Task statement: Reproduce the entire listing exactly as written, apart from its pictures.

--- The data Enclosed Below ---

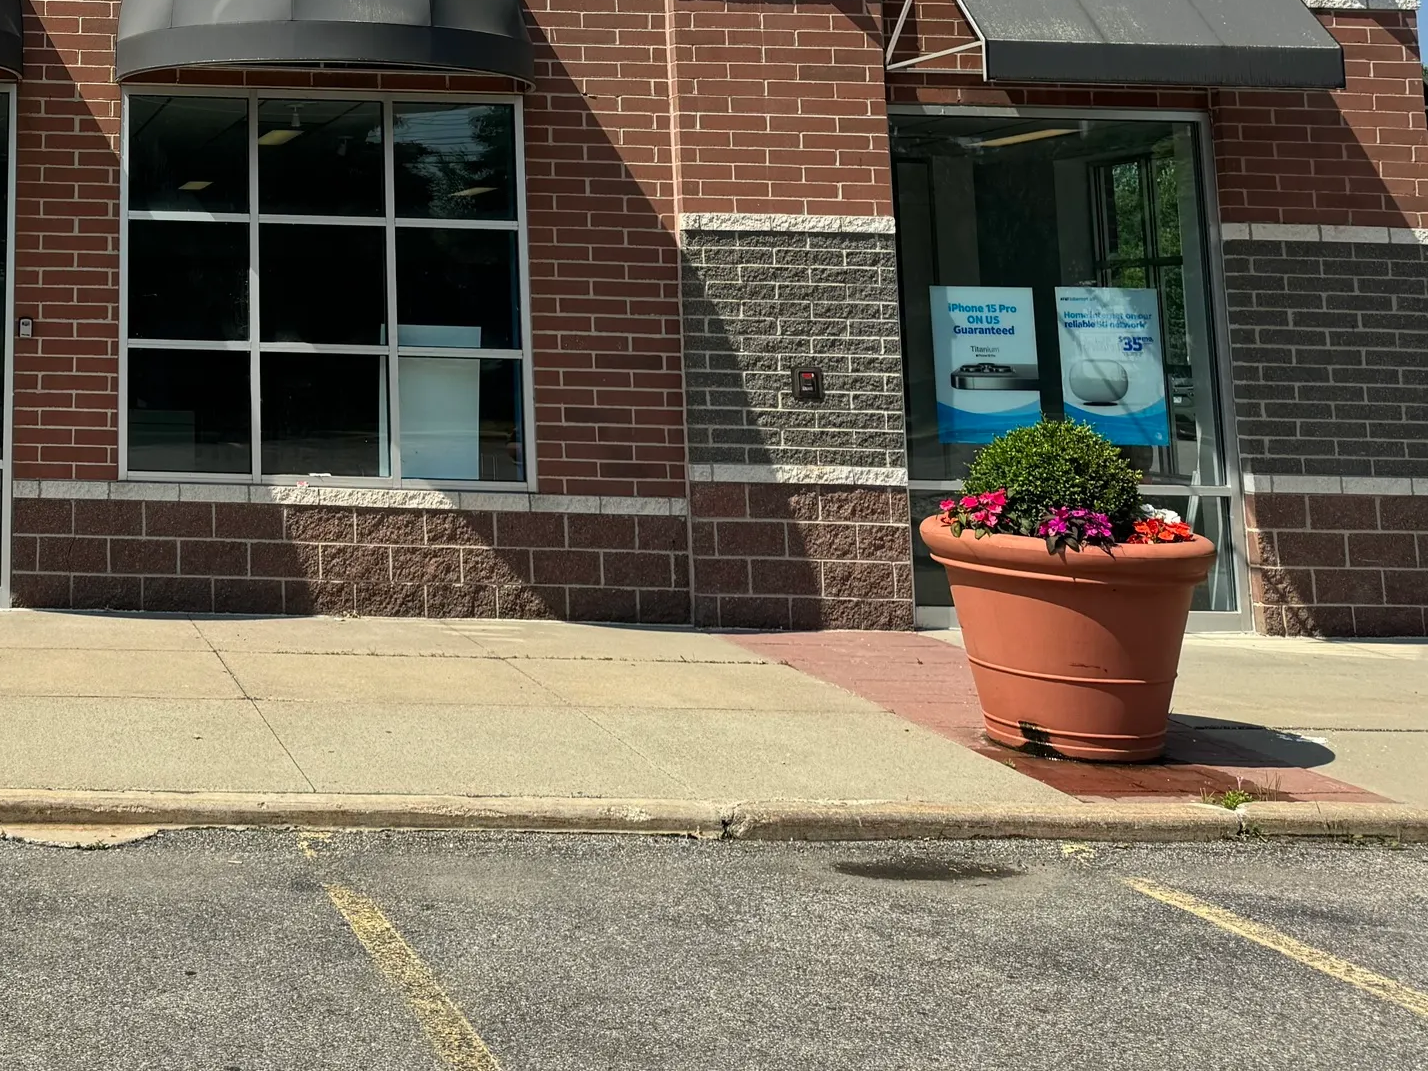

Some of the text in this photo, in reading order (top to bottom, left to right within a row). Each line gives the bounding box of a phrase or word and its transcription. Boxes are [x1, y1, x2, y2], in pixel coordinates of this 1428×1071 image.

[947, 302, 1017, 313] iPhone 15 Pro
[967, 315, 1000, 324] ON US
[1064, 320, 1096, 328] reliable
[953, 325, 1015, 335] Guaranteed
[970, 345, 1000, 353] Titanium

--- End of Enclosed The data ---

Solution:
Some of the text in this photo, in reading order (top to bottom, left to right within a row). Each line gives the bounding box of a phrase or word and its transcription. Boxes are [x1, y1, x2, y2], in pixel coordinates of this 1428×1071 image.

[947, 302, 1017, 313] iPhone 15 Pro
[967, 315, 1000, 324] ON US
[1064, 320, 1096, 328] reliable
[953, 325, 1015, 335] Guaranteed
[970, 345, 1000, 353] Titanium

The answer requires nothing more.